There is an elementary school and a continuation school but no high school. Ethan, 17, and Ebani, 15, would have to take a bus to Coalinga, 19 miles away.
Huron Mayor Rey Leon helped implement an electric car ride-sharing program.
They unloaded all their belongings into their second-floor apartment, spread blankets on the floor and went to sleep, exhausted.
The following day, they pieced their new home together.
Ebani and Ethan took one room, arguing over which side each would take and how to configure the twin beds and dressers. Eros, 10, and Evolet, 9, took the other room.
Cabrera grabbed Puebla’s face and brought her close to him for a kiss. They lifted Eros’ mattress onto its frame.
Eros, who in South Gate had said he didn’t want to leave his friends, now exclaimed, “I’m happy!”
Evolet joyfully ran throughout the complex, introducing herself to other children, with Eros right behind her.
“I already have two friends,” she told her mom.
Ebani said he didn’t mind his new home.
“It’s all right,” he said quietly. “I like nature better than the city. Everything that I couldn’t do over there, I can do here. Like I can go outside. I can go to the park with my friends.”
Ethan, who in South Gate was a star football player with good grades, said he did not resent his parents’ decision to move.
What must it have been like for them to leave their home country for a new one, not knowing the language?
Surely, if they can do that, he can handle a year or two in Huron. And then he’ll head back to L.A.
“All I’ve known is the city,” he said. “Once I become independent, 18 with a license and car, graduated, I’m going to college back there.”

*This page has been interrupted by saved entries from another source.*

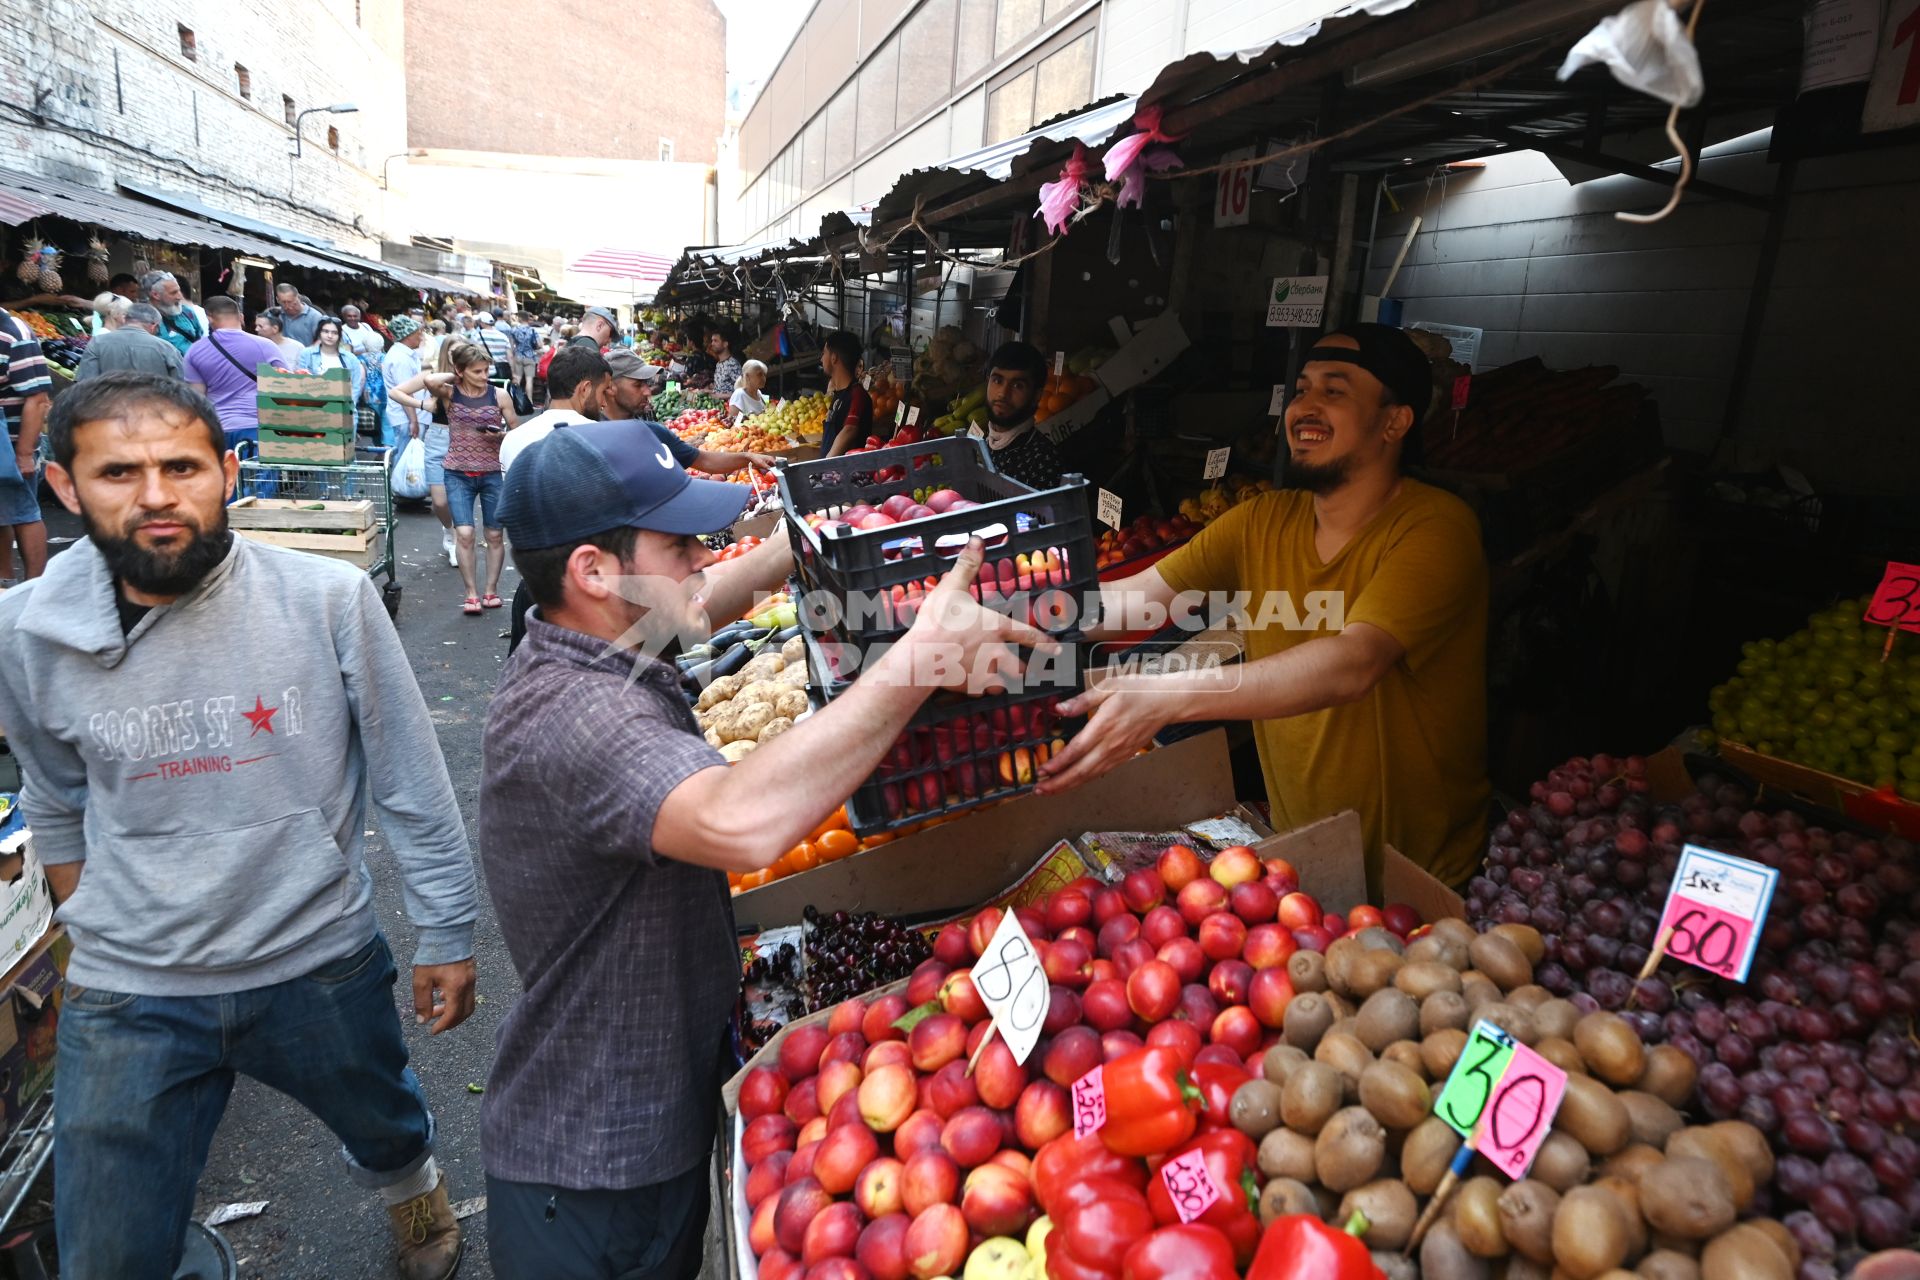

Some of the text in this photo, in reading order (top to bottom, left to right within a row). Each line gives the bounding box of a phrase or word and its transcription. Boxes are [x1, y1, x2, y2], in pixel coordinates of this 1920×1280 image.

[1220, 158, 1248, 216] 16
[1290, 280, 1324, 297] Сбербанк
[90, 700, 200, 761] SPORTS
[158, 757, 232, 780] TRAINING
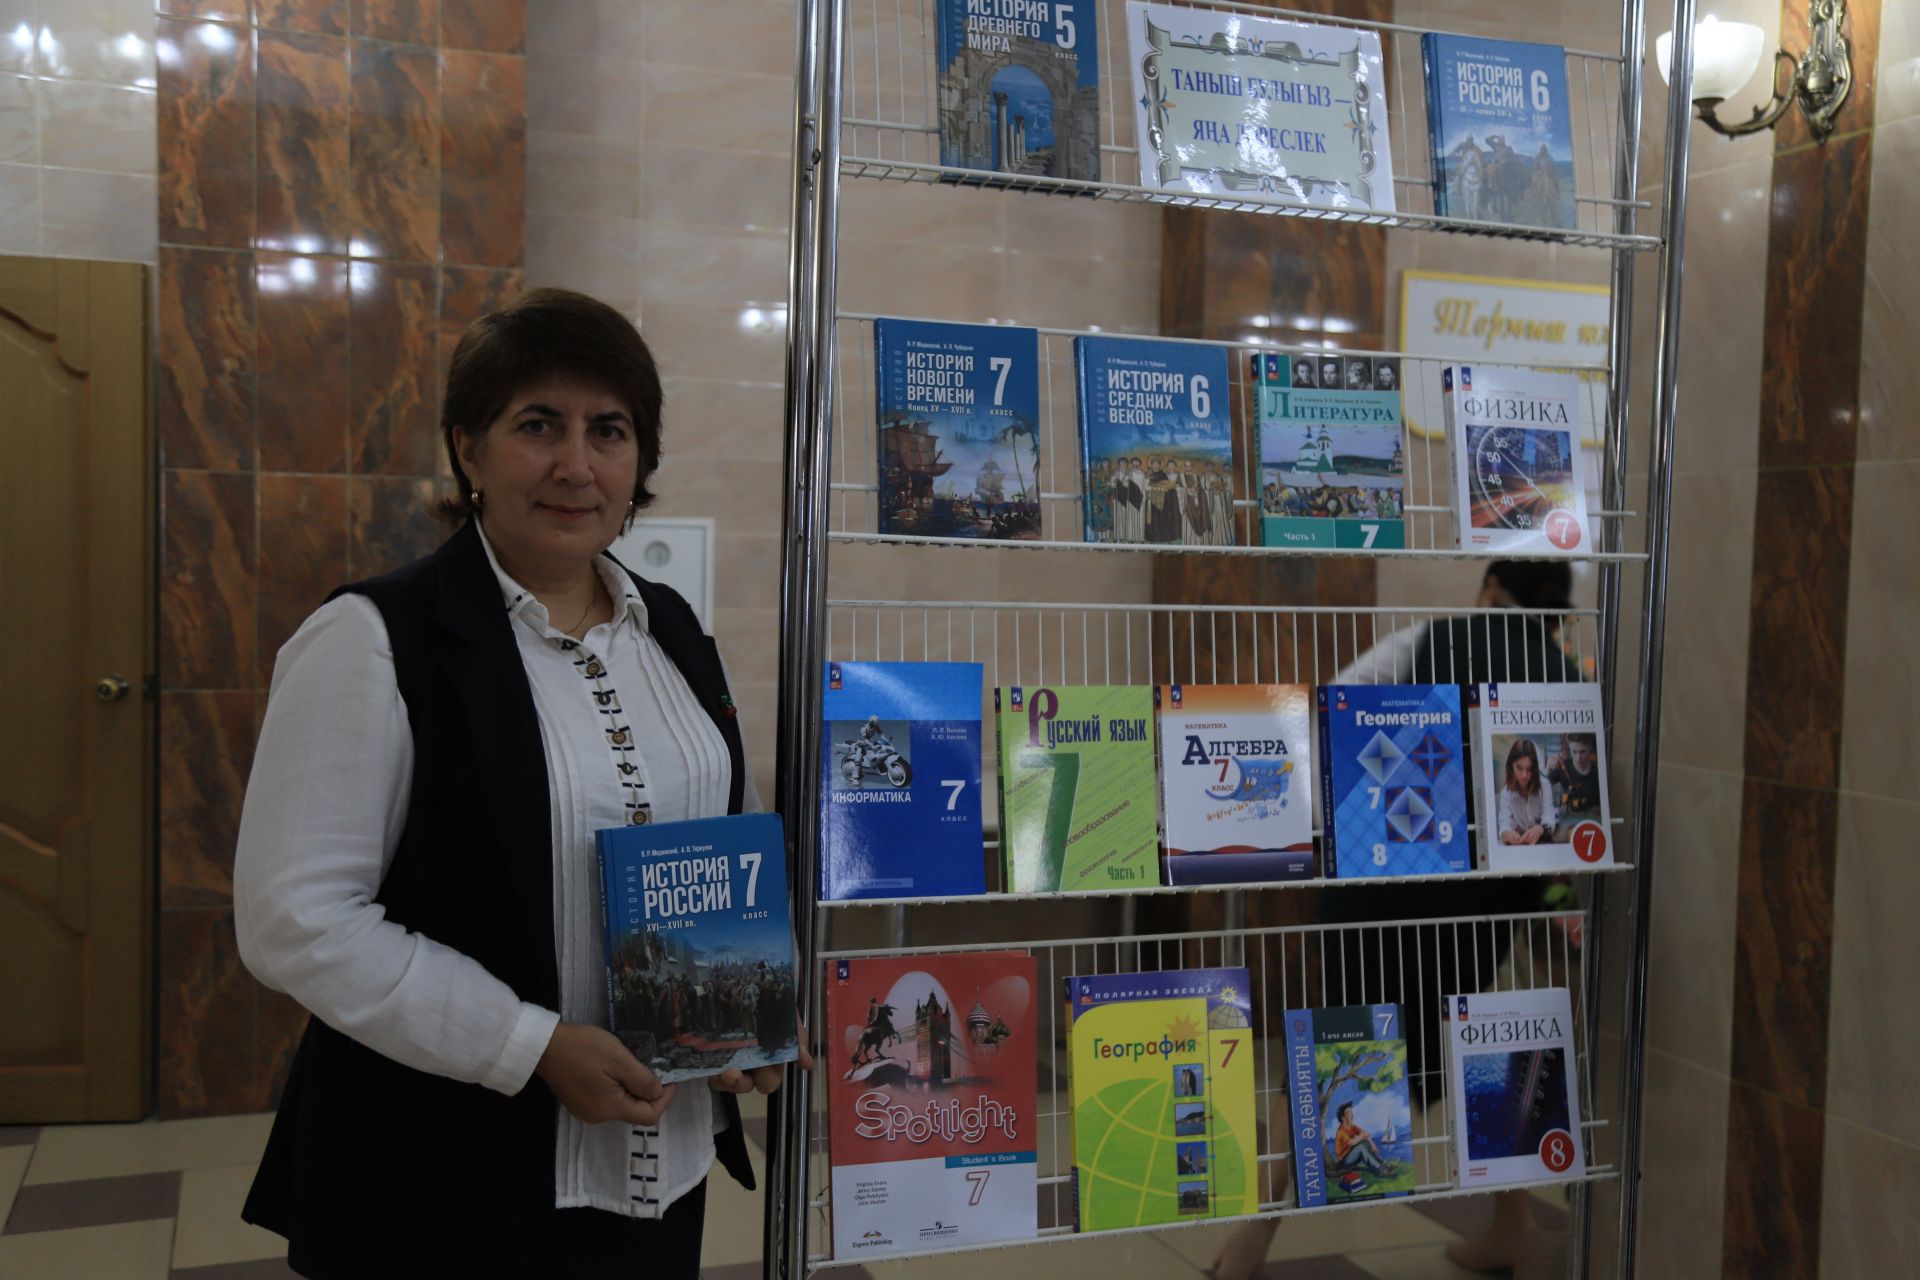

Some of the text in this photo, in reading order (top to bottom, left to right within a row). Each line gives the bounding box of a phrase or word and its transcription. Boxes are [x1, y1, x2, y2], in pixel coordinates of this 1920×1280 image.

[967, 0, 1049, 22] ИСТОРИЯ
[967, 15, 1041, 38] ДРЕВНЕГО
[1055, 4, 1076, 49] 5
[968, 33, 1011, 53] МИРА
[1171, 68, 1243, 97] ТАНЫШ
[1456, 62, 1523, 87] ИСТОРИЯ
[1459, 81, 1524, 109] РОССИИ
[1530, 69, 1550, 112] 6
[1193, 119, 1326, 154] ЯҢА ДРЕСЛЕК
[907, 352, 974, 372] ИСТОРИЯ
[907, 369, 964, 388] НОВОГО
[990, 357, 1012, 406] 7
[1108, 369, 1184, 394] ИСТОРИЯ
[907, 385, 975, 405] ВРЕМЕНИ
[1109, 391, 1174, 410] СРЕДНИХ
[1191, 375, 1210, 419] 6
[908, 403, 929, 413] Конец
[990, 408, 1013, 417] класс
[1110, 408, 1153, 425] ВЕКОВ
[1464, 397, 1569, 424] ФИЗИКА
[1487, 452, 1501, 463] 50
[1488, 474, 1502, 485] 45
[1517, 514, 1531, 526] 35
[1556, 518, 1569, 545] 7
[1284, 531, 1316, 541] Часть 1
[1360, 525, 1380, 548] 7
[1356, 711, 1451, 728] Геометрия
[1490, 710, 1595, 726] ТЕХНОЛОГИЯ
[1214, 759, 1230, 783] 7
[832, 790, 911, 804] ИНФОРМАТИКА
[940, 780, 966, 811] 7
[1368, 787, 1381, 809] 7
[1020, 752, 1080, 893] 7
[1439, 821, 1452, 843] 9
[1373, 844, 1387, 866] 8
[1583, 830, 1596, 857] 7
[642, 856, 730, 890] ИСТОРИЯ
[739, 852, 762, 907] 7
[1108, 865, 1146, 881] Часть 1
[627, 865, 640, 935] ИСТОРИЯ
[644, 882, 732, 919] РОССИИ
[743, 911, 768, 920] класс
[1095, 986, 1213, 1000] ПОЛЯРНАЯ ЗВЕЗДА
[1376, 1013, 1394, 1036] 7
[1460, 1018, 1563, 1044] ФИЗИКА
[1094, 1034, 1196, 1062] География
[1220, 1039, 1240, 1068] 7
[1296, 1044, 1315, 1139] ӘДӘБИЯТЫ
[855, 1092, 1017, 1144] Spotlight
[1551, 1138, 1566, 1167] 8
[1303, 1149, 1320, 1200] ТАТАР
[966, 1171, 990, 1206] 7

The little town was growing. Puebla hoped to land a gig managing a new property nearby. She dreamed of buying a building of her own and renting it out.
Then, reality set in.
The kids were bored. There were no after-school activities. Even the advanced classes weren’t challenging.
The family quickly tired of the food options — seven taquerias and one pizza shop, by their count.
They felt different from the locals, who listened to ranchera and wore either cowboy boots and sombreros or saggy pants with chains.
Their three-bedroom apartment wasn’t as big as they expected. There wasn’t room for all their things.
Despite the free rent, they weren’t able to save money. The cost of moving had set them back. Food and other necessities were expensive in Huron, and driving to Hanford meant spending money on gas.
For Christmas, Puebla saved a few gift cards from Elizabeth House. With a couple of hundred dollars, she figured she could get her kids one big gift.
When they asked for a PlayStation 4, she felt deflated — it was beyond her budget.
Instead, Eros and Evolet each got a hairbrush, Ebani a nail-cutting set, Ethan a wallet, her husband some socks.
A few months later, Puebla’s indoor plants died. It was a sign, she thought.
She wouldn’t be starting a garden here. She was thinking about moving to Fresno.